This problem has been approached with a range of techniques from educated guesswork to proximity studies and probabilistic assessments, and spatial modelling of individual parts of the transport system (e.g. subglacial erosion and sediment transport or ocean transport) but has not been comprehensively tackled from source to sink as is done here. As such the approach presents a unique addition to the ability to model such systems in their totality.
I have several key comments
1 - The paper is not written in the best way for the journal. I would advise a general rewrite with a stronger focus on the new approach, and less on the case-at-hand in which the authors at times get bogged down in details of the case-study and lose sight of the main goal for GMD (and also for uptake of the approach) which is to focus on the approach, its capacity and its veracity.
2 - The degree of case-specific choices in the model is higher than I expected and I am concerned that this might limit the broader application that could make this a truly useful tool (see detailed comments). For example it is not clear if this model could, or could not be applied easily to Greenland or a model from the Pliocene. For GMD I think a more generic standpoint is needed. A simple synthetic model test case might add a lot if the authors can do so.
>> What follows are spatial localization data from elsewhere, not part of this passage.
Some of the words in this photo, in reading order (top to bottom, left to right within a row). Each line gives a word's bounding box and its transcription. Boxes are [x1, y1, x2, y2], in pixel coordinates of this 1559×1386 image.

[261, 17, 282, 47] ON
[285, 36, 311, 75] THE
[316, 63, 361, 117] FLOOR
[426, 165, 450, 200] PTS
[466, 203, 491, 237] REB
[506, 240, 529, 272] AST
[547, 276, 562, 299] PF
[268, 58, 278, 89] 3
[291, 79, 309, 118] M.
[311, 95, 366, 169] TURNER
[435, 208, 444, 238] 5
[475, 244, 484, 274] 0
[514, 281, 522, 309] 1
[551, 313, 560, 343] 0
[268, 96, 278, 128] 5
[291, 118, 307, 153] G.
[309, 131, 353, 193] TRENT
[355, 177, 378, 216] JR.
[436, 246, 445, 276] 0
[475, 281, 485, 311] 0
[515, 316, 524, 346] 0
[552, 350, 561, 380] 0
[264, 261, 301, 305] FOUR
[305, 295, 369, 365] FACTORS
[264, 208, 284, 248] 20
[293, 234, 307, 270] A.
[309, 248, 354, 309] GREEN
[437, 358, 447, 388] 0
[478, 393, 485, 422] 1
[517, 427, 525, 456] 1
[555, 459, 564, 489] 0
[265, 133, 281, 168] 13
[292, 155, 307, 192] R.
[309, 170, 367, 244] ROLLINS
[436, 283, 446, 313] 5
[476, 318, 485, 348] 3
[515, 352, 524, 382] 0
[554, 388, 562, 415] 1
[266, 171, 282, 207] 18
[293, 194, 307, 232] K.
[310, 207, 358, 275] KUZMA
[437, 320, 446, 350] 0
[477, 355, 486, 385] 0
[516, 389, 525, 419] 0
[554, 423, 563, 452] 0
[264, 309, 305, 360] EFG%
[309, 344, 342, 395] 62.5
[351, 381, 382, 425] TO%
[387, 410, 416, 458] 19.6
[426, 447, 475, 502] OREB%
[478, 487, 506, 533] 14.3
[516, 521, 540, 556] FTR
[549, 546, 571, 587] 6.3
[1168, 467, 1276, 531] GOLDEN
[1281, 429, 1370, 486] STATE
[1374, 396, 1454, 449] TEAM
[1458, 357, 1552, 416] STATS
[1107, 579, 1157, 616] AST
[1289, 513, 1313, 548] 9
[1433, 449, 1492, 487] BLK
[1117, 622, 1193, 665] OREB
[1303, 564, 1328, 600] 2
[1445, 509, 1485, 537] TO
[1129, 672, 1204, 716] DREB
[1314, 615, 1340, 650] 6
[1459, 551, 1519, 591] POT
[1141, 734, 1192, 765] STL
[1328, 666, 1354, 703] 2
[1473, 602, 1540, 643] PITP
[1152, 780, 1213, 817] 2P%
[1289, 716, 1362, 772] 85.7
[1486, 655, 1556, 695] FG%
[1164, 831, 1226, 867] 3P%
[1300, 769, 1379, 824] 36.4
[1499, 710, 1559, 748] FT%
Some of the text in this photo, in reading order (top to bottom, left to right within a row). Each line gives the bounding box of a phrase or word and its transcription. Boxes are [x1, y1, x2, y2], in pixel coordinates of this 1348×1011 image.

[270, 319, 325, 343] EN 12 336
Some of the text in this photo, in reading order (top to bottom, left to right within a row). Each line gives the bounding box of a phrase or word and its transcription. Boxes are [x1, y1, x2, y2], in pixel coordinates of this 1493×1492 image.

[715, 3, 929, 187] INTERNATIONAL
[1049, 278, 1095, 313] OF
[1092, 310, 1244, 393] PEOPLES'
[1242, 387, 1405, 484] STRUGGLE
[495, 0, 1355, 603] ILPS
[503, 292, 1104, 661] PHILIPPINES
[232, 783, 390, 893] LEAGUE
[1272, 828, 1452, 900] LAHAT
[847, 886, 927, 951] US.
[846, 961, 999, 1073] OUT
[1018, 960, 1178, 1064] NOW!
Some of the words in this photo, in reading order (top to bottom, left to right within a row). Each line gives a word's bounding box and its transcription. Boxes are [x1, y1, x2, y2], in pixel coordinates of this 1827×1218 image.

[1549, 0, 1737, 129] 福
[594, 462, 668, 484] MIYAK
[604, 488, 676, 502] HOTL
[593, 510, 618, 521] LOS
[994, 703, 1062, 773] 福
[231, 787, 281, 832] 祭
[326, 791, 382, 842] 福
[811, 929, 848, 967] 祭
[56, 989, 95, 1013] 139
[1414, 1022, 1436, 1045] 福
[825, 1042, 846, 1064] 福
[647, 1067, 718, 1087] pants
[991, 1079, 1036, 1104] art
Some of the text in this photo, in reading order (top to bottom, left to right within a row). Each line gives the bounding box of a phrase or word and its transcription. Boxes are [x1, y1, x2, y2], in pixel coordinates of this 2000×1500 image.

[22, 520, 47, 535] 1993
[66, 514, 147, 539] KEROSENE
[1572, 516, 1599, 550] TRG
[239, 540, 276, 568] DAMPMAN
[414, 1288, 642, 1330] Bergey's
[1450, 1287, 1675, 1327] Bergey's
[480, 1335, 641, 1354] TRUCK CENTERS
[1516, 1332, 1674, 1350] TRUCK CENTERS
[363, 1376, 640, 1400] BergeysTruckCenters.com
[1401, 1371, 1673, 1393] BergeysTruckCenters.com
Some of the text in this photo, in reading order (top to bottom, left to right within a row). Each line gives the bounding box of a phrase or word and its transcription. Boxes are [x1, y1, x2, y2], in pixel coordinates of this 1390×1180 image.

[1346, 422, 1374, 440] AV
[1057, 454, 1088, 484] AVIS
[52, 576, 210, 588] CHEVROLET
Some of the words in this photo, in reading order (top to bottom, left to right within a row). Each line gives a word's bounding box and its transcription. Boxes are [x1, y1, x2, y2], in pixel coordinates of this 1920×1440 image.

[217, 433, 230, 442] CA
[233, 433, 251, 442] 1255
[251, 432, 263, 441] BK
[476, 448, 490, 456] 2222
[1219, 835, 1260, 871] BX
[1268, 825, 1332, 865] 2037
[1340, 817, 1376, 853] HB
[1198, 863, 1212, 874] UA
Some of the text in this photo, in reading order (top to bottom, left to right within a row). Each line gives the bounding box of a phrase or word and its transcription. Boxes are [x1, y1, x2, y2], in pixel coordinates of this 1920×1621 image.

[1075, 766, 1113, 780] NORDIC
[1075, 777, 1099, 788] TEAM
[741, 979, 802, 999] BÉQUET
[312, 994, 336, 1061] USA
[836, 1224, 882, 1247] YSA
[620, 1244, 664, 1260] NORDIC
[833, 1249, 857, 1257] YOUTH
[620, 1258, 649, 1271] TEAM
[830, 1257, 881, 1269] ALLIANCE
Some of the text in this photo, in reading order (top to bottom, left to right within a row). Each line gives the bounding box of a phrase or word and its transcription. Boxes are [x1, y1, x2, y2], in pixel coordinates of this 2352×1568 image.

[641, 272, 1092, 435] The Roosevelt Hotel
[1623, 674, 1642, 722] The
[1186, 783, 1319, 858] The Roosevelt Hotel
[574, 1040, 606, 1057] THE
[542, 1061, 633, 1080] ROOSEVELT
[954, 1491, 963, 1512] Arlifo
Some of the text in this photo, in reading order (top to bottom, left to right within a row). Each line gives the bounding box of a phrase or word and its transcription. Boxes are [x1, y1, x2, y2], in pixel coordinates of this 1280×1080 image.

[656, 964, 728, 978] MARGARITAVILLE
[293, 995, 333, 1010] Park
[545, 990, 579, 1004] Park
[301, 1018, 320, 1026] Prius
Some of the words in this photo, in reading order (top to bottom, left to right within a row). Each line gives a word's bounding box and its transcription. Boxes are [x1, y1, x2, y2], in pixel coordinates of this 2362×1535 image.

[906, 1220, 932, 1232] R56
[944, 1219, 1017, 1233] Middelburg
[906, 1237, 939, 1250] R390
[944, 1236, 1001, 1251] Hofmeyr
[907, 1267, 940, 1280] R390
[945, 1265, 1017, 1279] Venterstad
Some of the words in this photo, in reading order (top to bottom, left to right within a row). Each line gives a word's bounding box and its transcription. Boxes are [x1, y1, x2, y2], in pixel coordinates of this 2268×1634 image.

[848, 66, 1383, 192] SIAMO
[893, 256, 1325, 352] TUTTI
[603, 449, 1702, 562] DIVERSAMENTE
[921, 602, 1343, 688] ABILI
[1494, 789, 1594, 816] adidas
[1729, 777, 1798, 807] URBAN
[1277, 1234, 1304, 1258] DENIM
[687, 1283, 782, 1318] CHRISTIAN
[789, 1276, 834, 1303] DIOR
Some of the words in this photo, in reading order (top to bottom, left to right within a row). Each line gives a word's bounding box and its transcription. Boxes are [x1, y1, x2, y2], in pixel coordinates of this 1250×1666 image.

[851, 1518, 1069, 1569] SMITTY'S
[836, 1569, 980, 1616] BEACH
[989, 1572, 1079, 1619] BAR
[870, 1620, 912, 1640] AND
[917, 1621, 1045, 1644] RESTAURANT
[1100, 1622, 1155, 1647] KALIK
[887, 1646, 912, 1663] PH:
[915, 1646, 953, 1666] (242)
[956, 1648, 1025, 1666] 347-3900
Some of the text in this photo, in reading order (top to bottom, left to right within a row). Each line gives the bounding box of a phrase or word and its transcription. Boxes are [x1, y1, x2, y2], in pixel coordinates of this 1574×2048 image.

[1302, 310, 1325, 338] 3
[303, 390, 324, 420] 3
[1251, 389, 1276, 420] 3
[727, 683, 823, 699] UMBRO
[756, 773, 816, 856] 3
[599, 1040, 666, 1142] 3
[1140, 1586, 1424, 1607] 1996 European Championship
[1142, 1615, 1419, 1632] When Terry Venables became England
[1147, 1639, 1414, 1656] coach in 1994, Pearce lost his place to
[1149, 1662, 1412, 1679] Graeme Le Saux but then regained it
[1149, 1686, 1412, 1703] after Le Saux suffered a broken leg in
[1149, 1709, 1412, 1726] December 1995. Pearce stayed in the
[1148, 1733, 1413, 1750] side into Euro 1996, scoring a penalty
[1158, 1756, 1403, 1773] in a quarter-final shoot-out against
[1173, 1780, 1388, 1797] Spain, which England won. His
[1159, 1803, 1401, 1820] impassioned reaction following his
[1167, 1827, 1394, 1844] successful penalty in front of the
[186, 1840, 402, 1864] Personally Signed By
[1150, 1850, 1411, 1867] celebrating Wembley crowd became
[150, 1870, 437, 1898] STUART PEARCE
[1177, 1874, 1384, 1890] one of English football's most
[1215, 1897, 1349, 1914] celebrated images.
3 - I have some concerns about the deterministic nature of the approach and the large number of choices that are necessary for it to function. Several variables and assumptions are tested for impact and others are tuned to fit the data but the inter-relationships of parameters is not defined. In between all these moving parts there is overall a low chance that an optimal solution is found - indeed the Nd data is fitted somewhat better than a proximity-based approach but this does not indicate a minimum was found. For the paper I think a clear comment on the potential for unchecked errors to propagate through the model will suffice, but I would encourage the authors to pursue some potential ways to optimise fit to data in a more formal way.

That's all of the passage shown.